An Efficient Micropropagation Protocol forRauvolfia hookeriSrinivas and Chithra and Assessment of Clonal Fidelity by RAPD Analysis

Abstract

An efficient in vitro propagation protocol via shoot multiplication was developed for Rauvolfia hookeri, a rare medicinal species endemic to the southern Western Ghats of India. Shoot tip explants cultured on half strength Murashige and Skoog medium supplemented with various cytokinins (6-benzylaminopurine, 6-furfurylaminopurine and Thidiazuron) either alone or in combinations produced multiple shoots. When either cytokinin was used alone, 6-benzylaminopurine was found nearly twice more successful than 6-furfurylaminopurine. The highest shoot proliferation was obtained when 6-benzylaminopurine and 6-furfurylaminopurine was used at 22.2 μM and 4.64 μM respectively. Thidiazuron gave the lowest response for shoot proliferation.

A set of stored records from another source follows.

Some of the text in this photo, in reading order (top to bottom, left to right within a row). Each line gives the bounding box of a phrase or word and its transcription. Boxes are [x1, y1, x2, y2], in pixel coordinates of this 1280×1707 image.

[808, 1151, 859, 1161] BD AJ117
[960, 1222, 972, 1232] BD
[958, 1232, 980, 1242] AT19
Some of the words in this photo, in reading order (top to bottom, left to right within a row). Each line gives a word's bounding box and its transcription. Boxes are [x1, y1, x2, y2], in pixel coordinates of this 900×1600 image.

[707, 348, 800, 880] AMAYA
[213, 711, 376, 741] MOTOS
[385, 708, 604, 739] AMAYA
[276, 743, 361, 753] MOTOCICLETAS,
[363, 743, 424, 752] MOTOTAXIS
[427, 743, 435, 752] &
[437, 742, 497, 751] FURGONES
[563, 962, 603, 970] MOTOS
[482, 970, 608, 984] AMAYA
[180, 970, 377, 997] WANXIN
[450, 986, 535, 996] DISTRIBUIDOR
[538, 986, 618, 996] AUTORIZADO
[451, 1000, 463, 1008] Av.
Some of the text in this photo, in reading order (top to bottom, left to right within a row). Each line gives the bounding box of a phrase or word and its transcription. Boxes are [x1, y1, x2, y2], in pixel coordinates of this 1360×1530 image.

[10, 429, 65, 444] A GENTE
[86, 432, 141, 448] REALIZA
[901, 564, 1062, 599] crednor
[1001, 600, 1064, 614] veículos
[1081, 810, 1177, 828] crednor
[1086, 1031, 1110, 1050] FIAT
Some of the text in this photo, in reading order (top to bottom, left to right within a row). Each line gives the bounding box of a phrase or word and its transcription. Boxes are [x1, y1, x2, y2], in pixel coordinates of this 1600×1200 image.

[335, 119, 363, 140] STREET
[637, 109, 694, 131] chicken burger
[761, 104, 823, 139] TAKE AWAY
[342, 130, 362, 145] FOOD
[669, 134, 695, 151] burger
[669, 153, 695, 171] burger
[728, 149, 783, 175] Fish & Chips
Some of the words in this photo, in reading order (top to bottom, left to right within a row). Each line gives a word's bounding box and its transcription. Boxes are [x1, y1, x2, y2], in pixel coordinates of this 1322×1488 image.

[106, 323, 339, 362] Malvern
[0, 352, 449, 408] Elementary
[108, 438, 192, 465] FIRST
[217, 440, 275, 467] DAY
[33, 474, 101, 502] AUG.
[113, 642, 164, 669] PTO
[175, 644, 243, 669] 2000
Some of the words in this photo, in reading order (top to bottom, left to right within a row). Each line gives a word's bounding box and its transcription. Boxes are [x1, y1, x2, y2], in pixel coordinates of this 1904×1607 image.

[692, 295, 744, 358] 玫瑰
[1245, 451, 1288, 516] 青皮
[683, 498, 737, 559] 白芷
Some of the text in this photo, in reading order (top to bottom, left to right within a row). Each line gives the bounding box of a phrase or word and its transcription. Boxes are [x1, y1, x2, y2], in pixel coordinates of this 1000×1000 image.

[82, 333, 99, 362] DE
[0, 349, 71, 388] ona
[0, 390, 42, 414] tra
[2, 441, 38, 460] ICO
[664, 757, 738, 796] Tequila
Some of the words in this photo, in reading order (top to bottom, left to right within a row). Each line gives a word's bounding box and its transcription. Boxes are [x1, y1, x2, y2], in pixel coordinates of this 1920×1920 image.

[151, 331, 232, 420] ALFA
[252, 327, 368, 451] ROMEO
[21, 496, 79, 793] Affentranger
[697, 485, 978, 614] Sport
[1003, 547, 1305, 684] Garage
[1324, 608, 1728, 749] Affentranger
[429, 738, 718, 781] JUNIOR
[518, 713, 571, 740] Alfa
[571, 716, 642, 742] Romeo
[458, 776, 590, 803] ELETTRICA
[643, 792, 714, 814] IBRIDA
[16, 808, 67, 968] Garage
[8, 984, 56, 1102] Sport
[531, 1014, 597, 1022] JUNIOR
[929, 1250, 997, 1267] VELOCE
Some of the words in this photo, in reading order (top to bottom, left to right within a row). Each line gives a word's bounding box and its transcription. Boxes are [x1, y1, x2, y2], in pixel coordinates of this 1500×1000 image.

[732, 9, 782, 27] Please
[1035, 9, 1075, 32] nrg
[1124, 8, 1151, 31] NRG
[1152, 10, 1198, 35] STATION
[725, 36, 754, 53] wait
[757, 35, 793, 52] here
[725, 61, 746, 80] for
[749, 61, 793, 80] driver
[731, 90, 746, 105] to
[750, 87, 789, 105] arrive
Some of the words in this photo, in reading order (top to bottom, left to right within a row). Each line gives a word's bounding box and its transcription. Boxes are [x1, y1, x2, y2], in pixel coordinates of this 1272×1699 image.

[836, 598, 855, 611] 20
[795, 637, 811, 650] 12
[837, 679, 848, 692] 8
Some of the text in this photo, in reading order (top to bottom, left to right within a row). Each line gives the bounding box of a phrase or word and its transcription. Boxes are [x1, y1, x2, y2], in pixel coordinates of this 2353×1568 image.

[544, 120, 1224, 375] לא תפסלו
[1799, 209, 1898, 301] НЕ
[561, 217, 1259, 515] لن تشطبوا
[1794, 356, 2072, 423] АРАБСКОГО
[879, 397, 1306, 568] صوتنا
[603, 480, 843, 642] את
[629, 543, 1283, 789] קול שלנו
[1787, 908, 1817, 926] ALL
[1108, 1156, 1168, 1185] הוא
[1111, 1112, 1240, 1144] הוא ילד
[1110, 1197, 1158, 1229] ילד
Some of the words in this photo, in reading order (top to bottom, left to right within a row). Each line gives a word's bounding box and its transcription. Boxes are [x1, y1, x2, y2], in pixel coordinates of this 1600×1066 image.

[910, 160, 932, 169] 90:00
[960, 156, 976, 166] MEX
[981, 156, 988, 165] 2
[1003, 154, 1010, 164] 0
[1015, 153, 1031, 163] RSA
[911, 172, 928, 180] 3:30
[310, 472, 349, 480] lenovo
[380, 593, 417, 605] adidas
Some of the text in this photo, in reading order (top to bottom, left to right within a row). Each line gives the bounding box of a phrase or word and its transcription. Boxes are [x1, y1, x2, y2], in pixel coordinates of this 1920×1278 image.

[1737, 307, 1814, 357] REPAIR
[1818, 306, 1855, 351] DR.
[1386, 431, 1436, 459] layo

The effect of indole-3-butyric acid and naphthalene acetic acid was evaluated for in vitro root induction. Rhizogenesis of excised shoots was of the shoots was readily achieved on half strength Murashige and Skoog medium containing various concentrations of indole-3-butyric acid and naphthale ne acetic acid. Indole-3butyric acid was found to be more effective than naphthalene acetic acid and resulted in the highest frequency of shoots that rooted (86.5%) and mean number of roots per shoot (3.66) when used at 7.38 μM concentration. The micropropagated plants were hardened and transferred to green house condition wherein 70% plants established and were morphologically similar to mother plant. Genetic stability of regenerated plants has been checked by Random Amplified Polymorphic DNA using ten selected decamer primers.